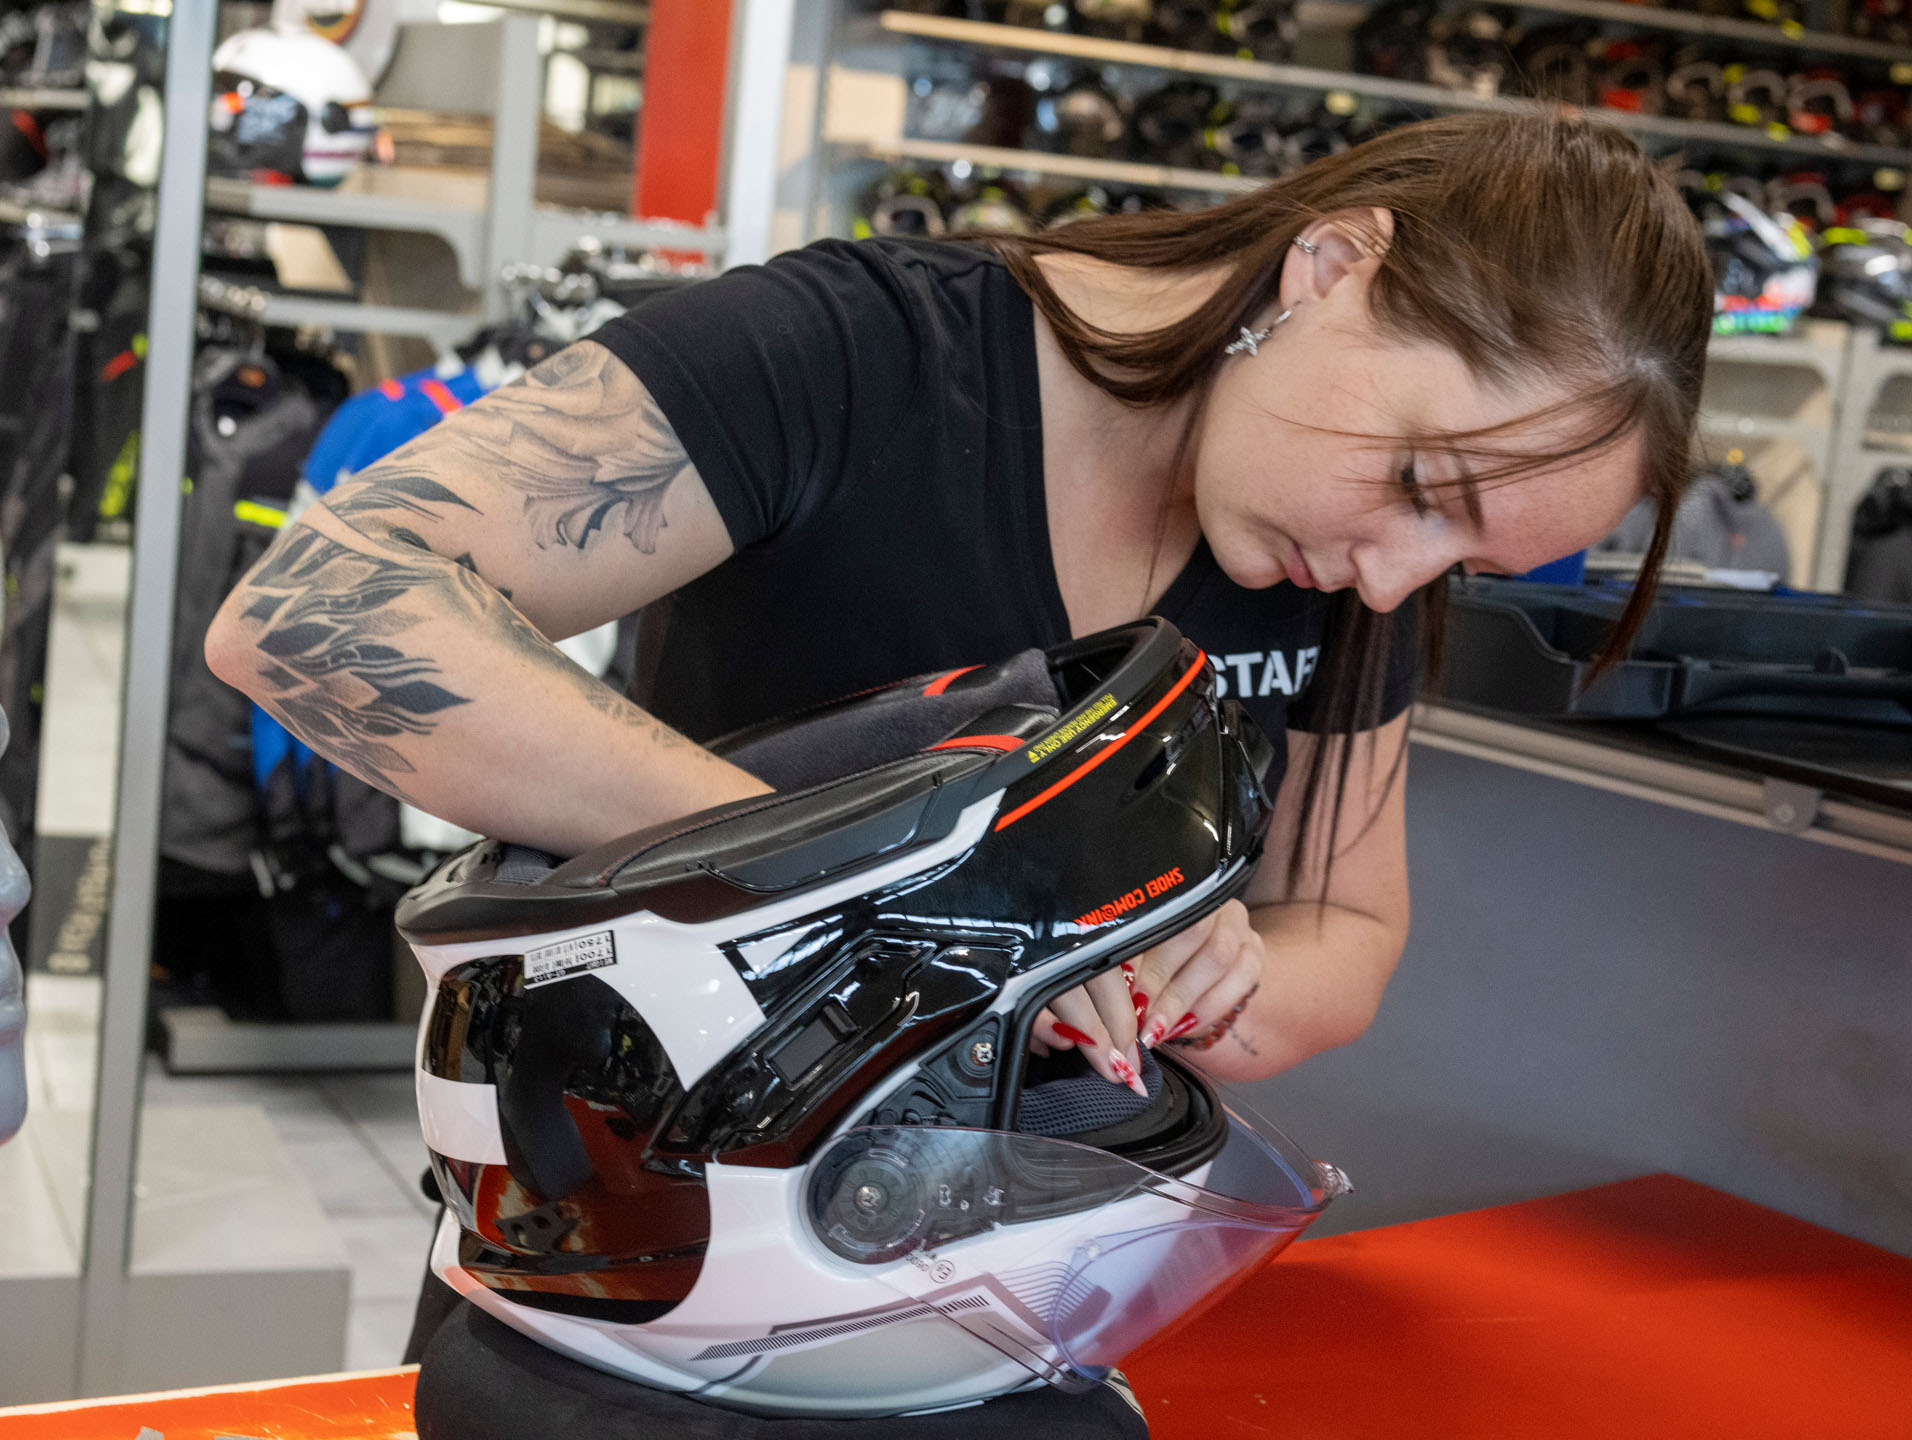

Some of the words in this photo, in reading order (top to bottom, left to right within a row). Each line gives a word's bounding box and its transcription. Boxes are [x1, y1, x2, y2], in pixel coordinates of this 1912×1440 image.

[1207, 646, 1321, 698] STAF
[1076, 697, 1118, 733] EMERGENCY
[1040, 741, 1061, 758] ONLY
[1060, 729, 1078, 744] USE
[1145, 866, 1185, 898] SHOEI
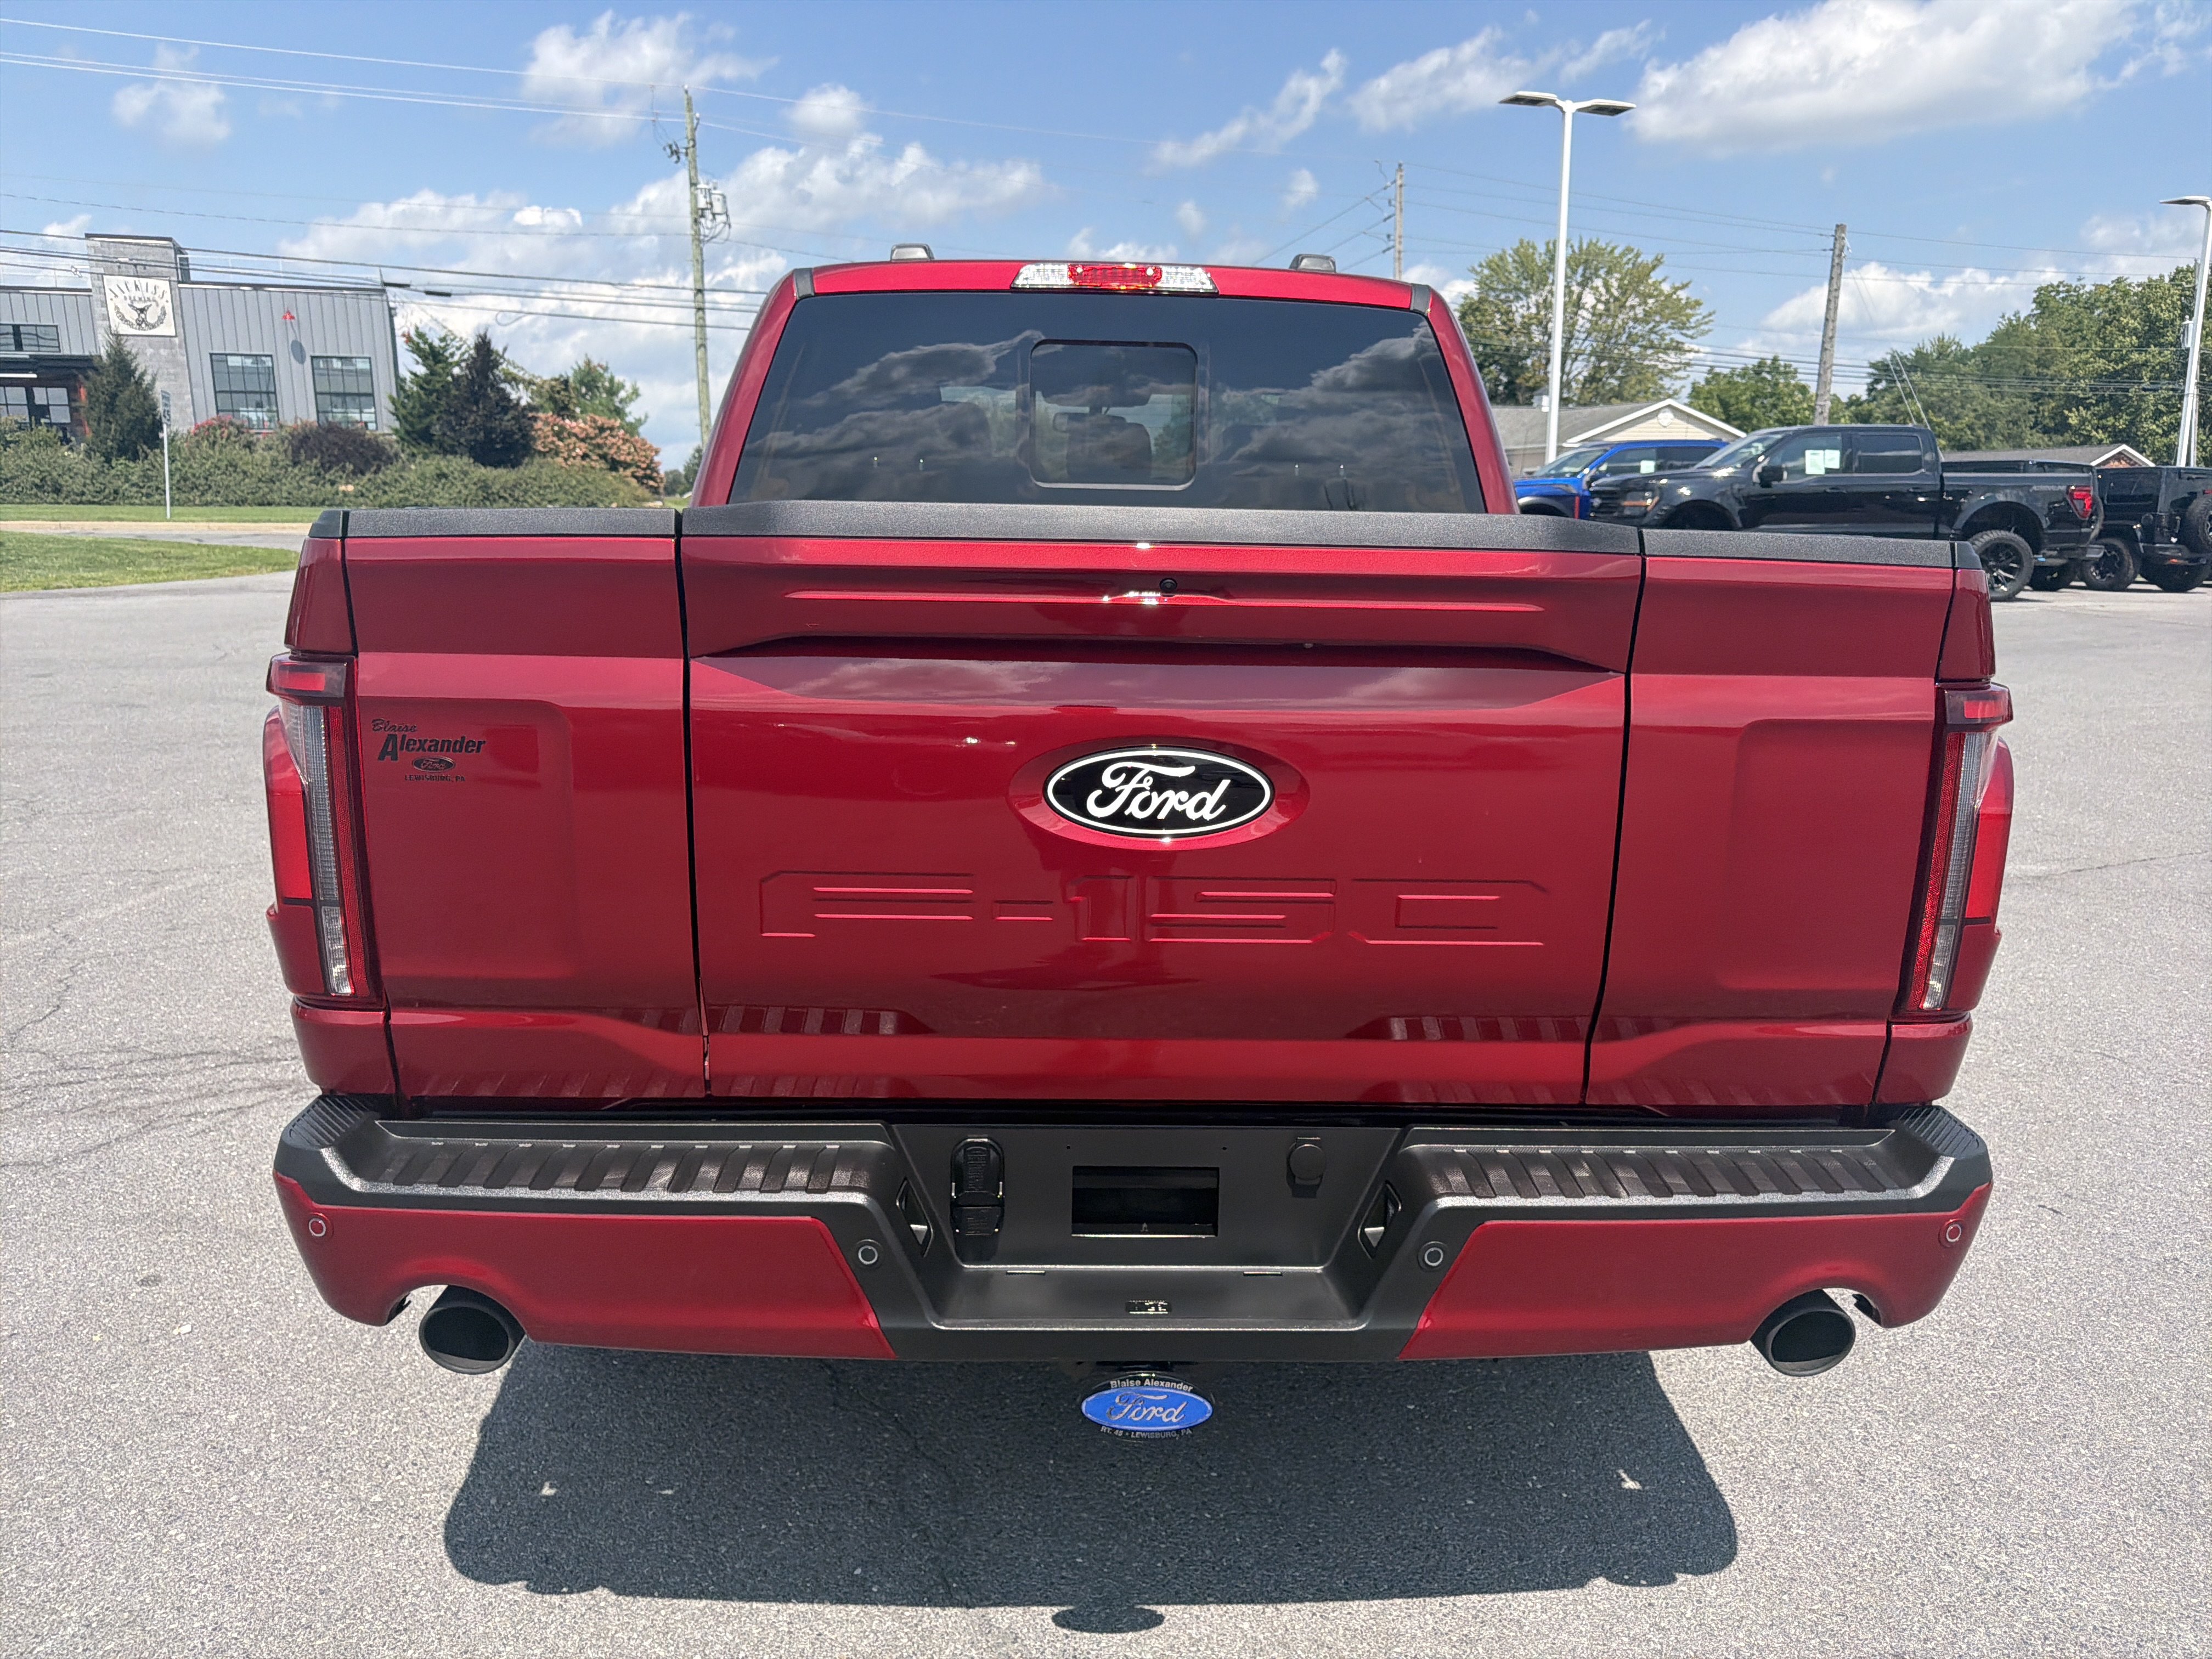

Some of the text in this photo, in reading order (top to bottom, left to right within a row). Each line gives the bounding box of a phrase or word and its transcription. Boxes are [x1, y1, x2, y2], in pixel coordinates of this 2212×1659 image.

[371, 718, 417, 732] Blaise
[377, 733, 486, 762] Alexander
[1086, 761, 1231, 820] Ford
[760, 870, 1549, 946] F-150
[1110, 1378, 1193, 1392] Blaise Alexander
[1106, 1391, 1189, 1423] Ford
[1101, 1426, 1112, 1434] RT.
[1181, 1427, 1192, 1436] PA

───

### What you have to do:
Set down all the entries exactly as they appear, but skip any pictures.

### Reply to the exercise:
Some of the words in this photo, in reading order (top to bottom, left to right within a row). Each line gives a word's bounding box and its transcription. Boxes are [x1, y1, x2, y2], in pixel coordinates of this 1912×1440 image.

[1207, 646, 1321, 698] STAF
[1076, 697, 1118, 733] EMERGENCY
[1040, 741, 1061, 758] ONLY
[1060, 729, 1078, 744] USE
[1145, 866, 1185, 898] SHOEI

Some of the text in this photo, in reading order (top to bottom, left to right within a row). Each line gives the bounding box of a phrase or word and its transcription. Boxes are [x1, y1, x2, y2], in pixel coordinates of this 2212×1659 image.

[371, 718, 417, 732] Blaise
[377, 733, 486, 762] Alexander
[1086, 761, 1231, 820] Ford
[760, 870, 1549, 946] F-150
[1110, 1378, 1193, 1392] Blaise Alexander
[1106, 1391, 1189, 1423] Ford
[1101, 1426, 1112, 1434] RT.
[1181, 1427, 1192, 1436] PA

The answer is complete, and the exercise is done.